> Assigned task
Write the records out again, exactly as they stand below.

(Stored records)
····················

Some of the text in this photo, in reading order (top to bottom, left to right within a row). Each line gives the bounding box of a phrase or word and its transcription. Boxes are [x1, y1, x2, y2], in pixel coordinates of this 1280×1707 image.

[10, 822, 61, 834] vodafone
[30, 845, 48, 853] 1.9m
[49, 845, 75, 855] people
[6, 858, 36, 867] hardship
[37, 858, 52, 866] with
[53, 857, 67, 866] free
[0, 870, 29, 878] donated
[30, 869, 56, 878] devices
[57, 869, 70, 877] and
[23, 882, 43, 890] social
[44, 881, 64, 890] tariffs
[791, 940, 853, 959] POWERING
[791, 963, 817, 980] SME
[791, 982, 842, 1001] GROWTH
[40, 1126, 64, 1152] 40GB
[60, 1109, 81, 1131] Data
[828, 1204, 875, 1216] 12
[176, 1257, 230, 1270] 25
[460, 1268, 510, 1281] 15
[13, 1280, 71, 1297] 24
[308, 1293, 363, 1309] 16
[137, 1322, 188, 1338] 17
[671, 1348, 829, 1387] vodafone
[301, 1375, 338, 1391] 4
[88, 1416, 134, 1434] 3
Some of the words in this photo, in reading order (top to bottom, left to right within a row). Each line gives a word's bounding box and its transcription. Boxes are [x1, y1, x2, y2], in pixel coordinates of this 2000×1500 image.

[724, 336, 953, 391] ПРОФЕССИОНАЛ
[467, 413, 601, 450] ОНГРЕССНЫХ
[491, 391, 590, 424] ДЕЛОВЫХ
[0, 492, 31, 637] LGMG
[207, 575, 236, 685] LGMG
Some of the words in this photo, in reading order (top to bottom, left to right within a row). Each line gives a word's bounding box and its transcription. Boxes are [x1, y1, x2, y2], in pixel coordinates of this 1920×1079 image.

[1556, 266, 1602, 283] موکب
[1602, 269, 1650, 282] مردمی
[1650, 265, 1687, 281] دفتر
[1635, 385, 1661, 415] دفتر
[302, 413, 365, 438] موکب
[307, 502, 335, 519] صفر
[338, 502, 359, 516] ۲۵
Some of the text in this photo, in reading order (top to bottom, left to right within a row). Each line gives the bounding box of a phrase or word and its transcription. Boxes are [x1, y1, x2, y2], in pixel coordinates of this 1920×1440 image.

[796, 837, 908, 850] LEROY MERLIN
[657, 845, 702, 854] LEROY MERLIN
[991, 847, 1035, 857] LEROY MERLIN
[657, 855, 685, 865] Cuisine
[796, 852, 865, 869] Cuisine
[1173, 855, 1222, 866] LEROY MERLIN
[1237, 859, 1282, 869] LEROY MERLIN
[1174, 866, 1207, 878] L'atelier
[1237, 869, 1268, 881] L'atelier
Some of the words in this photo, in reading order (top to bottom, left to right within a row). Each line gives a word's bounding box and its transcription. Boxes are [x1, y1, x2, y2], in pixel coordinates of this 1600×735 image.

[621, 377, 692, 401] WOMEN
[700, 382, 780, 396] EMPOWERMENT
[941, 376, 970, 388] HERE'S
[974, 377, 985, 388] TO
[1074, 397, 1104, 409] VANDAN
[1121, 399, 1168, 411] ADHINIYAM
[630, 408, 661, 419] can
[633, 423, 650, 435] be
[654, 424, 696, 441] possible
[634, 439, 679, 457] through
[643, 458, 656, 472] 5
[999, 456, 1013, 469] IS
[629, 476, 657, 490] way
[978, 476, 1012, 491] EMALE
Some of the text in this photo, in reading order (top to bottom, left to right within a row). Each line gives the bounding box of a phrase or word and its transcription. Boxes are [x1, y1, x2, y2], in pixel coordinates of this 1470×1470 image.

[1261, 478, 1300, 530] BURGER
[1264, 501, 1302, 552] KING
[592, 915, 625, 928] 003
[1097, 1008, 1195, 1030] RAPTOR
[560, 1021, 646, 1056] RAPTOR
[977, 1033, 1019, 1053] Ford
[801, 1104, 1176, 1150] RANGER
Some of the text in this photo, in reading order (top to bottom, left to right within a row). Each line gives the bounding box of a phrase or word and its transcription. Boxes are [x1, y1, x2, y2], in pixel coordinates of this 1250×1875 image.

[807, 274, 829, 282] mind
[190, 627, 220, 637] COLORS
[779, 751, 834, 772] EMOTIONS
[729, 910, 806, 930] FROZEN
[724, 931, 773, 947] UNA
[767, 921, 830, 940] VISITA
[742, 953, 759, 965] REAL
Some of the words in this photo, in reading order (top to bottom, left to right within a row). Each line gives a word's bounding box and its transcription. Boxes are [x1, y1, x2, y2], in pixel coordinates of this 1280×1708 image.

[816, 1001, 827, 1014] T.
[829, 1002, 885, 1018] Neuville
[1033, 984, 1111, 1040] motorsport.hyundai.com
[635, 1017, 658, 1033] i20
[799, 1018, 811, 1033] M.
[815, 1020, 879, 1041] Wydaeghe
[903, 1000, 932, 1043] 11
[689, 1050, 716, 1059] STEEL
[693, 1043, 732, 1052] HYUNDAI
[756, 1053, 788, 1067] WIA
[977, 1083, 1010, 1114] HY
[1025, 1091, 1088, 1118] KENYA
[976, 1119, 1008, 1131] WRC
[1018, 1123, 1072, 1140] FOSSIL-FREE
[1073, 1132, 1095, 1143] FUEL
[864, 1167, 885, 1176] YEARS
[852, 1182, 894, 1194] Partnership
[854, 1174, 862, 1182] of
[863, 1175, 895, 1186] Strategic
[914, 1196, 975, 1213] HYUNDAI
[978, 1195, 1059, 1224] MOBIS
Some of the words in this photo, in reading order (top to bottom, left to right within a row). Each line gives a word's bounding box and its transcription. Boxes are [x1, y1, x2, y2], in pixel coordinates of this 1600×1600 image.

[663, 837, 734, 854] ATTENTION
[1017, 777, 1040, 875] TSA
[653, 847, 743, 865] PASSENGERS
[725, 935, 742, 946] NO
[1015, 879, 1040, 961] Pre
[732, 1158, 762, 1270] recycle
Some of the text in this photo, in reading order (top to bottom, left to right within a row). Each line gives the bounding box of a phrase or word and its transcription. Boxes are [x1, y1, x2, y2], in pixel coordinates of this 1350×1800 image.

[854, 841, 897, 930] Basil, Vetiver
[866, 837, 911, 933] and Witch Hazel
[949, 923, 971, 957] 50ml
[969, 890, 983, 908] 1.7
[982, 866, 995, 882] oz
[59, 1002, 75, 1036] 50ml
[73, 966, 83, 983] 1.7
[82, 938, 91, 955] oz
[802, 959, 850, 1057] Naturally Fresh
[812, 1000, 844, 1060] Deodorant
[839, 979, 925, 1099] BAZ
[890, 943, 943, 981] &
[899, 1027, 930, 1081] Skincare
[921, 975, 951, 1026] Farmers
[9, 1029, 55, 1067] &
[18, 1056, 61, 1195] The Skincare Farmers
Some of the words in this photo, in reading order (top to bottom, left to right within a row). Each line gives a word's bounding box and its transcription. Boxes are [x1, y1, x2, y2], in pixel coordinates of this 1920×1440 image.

····················

> Result of the task
Some of the text in this photo, in reading order (top to bottom, left to right within a row). Each line gives the bounding box of a phrase or word and its transcription. Boxes are [x1, y1, x2, y2], in pixel coordinates of this 1280×1707 image.

[10, 822, 61, 834] vodafone
[30, 845, 48, 853] 1.9m
[49, 845, 75, 855] people
[6, 858, 36, 867] hardship
[37, 858, 52, 866] with
[53, 857, 67, 866] free
[0, 870, 29, 878] donated
[30, 869, 56, 878] devices
[57, 869, 70, 877] and
[23, 882, 43, 890] social
[44, 881, 64, 890] tariffs
[791, 940, 853, 959] POWERING
[791, 963, 817, 980] SME
[791, 982, 842, 1001] GROWTH
[40, 1126, 64, 1152] 40GB
[60, 1109, 81, 1131] Data
[828, 1204, 875, 1216] 12
[176, 1257, 230, 1270] 25
[460, 1268, 510, 1281] 15
[13, 1280, 71, 1297] 24
[308, 1293, 363, 1309] 16
[137, 1322, 188, 1338] 17
[671, 1348, 829, 1387] vodafone
[301, 1375, 338, 1391] 4
[88, 1416, 134, 1434] 3
Some of the words in this photo, in reading order (top to bottom, left to right within a row). Each line gives a word's bounding box and its transcription. Boxes are [x1, y1, x2, y2], in pixel coordinates of this 2000×1500 image.

[724, 336, 953, 391] ПРОФЕССИОНАЛ
[467, 413, 601, 450] ОНГРЕССНЫХ
[491, 391, 590, 424] ДЕЛОВЫХ
[0, 492, 31, 637] LGMG
[207, 575, 236, 685] LGMG
Some of the words in this photo, in reading order (top to bottom, left to right within a row). Each line gives a word's bounding box and its transcription. Boxes are [x1, y1, x2, y2], in pixel coordinates of this 1920×1079 image.

[1556, 266, 1602, 283] موکب
[1602, 269, 1650, 282] مردمی
[1650, 265, 1687, 281] دفتر
[1635, 385, 1661, 415] دفتر
[302, 413, 365, 438] موکب
[307, 502, 335, 519] صفر
[338, 502, 359, 516] ۲۵
Some of the text in this photo, in reading order (top to bottom, left to right within a row). Each line gives the bounding box of a phrase or word and its transcription. Boxes are [x1, y1, x2, y2], in pixel coordinates of this 1920×1440 image.

[796, 837, 908, 850] LEROY MERLIN
[657, 845, 702, 854] LEROY MERLIN
[991, 847, 1035, 857] LEROY MERLIN
[657, 855, 685, 865] Cuisine
[796, 852, 865, 869] Cuisine
[1173, 855, 1222, 866] LEROY MERLIN
[1237, 859, 1282, 869] LEROY MERLIN
[1174, 866, 1207, 878] L'atelier
[1237, 869, 1268, 881] L'atelier
Some of the words in this photo, in reading order (top to bottom, left to right within a row). Each line gives a word's bounding box and its transcription. Boxes are [x1, y1, x2, y2], in pixel coordinates of this 1600×735 image.

[621, 377, 692, 401] WOMEN
[700, 382, 780, 396] EMPOWERMENT
[941, 376, 970, 388] HERE'S
[974, 377, 985, 388] TO
[1074, 397, 1104, 409] VANDAN
[1121, 399, 1168, 411] ADHINIYAM
[630, 408, 661, 419] can
[633, 423, 650, 435] be
[654, 424, 696, 441] possible
[634, 439, 679, 457] through
[643, 458, 656, 472] 5
[999, 456, 1013, 469] IS
[629, 476, 657, 490] way
[978, 476, 1012, 491] EMALE
Some of the text in this photo, in reading order (top to bottom, left to right within a row). Each line gives the bounding box of a phrase or word and its transcription. Boxes are [x1, y1, x2, y2], in pixel coordinates of this 1470×1470 image.

[1261, 478, 1300, 530] BURGER
[1264, 501, 1302, 552] KING
[592, 915, 625, 928] 003
[1097, 1008, 1195, 1030] RAPTOR
[560, 1021, 646, 1056] RAPTOR
[977, 1033, 1019, 1053] Ford
[801, 1104, 1176, 1150] RANGER
Some of the text in this photo, in reading order (top to bottom, left to right within a row). Each line gives the bounding box of a phrase or word and its transcription. Boxes are [x1, y1, x2, y2], in pixel coordinates of this 1250×1875 image.

[807, 274, 829, 282] mind
[190, 627, 220, 637] COLORS
[779, 751, 834, 772] EMOTIONS
[729, 910, 806, 930] FROZEN
[724, 931, 773, 947] UNA
[767, 921, 830, 940] VISITA
[742, 953, 759, 965] REAL
Some of the words in this photo, in reading order (top to bottom, left to right within a row). Each line gives a word's bounding box and its transcription. Boxes are [x1, y1, x2, y2], in pixel coordinates of this 1280×1708 image.

[816, 1001, 827, 1014] T.
[829, 1002, 885, 1018] Neuville
[1033, 984, 1111, 1040] motorsport.hyundai.com
[635, 1017, 658, 1033] i20
[799, 1018, 811, 1033] M.
[815, 1020, 879, 1041] Wydaeghe
[903, 1000, 932, 1043] 11
[689, 1050, 716, 1059] STEEL
[693, 1043, 732, 1052] HYUNDAI
[756, 1053, 788, 1067] WIA
[977, 1083, 1010, 1114] HY
[1025, 1091, 1088, 1118] KENYA
[976, 1119, 1008, 1131] WRC
[1018, 1123, 1072, 1140] FOSSIL-FREE
[1073, 1132, 1095, 1143] FUEL
[864, 1167, 885, 1176] YEARS
[852, 1182, 894, 1194] Partnership
[854, 1174, 862, 1182] of
[863, 1175, 895, 1186] Strategic
[914, 1196, 975, 1213] HYUNDAI
[978, 1195, 1059, 1224] MOBIS
Some of the words in this photo, in reading order (top to bottom, left to right within a row). Each line gives a word's bounding box and its transcription. Boxes are [x1, y1, x2, y2], in pixel coordinates of this 1600×1600 image.

[663, 837, 734, 854] ATTENTION
[1017, 777, 1040, 875] TSA
[653, 847, 743, 865] PASSENGERS
[725, 935, 742, 946] NO
[1015, 879, 1040, 961] Pre
[732, 1158, 762, 1270] recycle
Some of the text in this photo, in reading order (top to bottom, left to right within a row). Each line gives the bounding box of a phrase or word and its transcription. Boxes are [x1, y1, x2, y2], in pixel coordinates of this 1350×1800 image.

[854, 841, 897, 930] Basil, Vetiver
[866, 837, 911, 933] and Witch Hazel
[949, 923, 971, 957] 50ml
[969, 890, 983, 908] 1.7
[982, 866, 995, 882] oz
[59, 1002, 75, 1036] 50ml
[73, 966, 83, 983] 1.7
[82, 938, 91, 955] oz
[802, 959, 850, 1057] Naturally Fresh
[812, 1000, 844, 1060] Deodorant
[839, 979, 925, 1099] BAZ
[890, 943, 943, 981] &
[899, 1027, 930, 1081] Skincare
[921, 975, 951, 1026] Farmers
[9, 1029, 55, 1067] &
[18, 1056, 61, 1195] The Skincare Farmers
Some of the words in this photo, in reading order (top to bottom, left to right within a row). Each line gives a word's bounding box and its transcription. Boxes are [x1, y1, x2, y2], in pixel coordinates of this 1920×1440 image.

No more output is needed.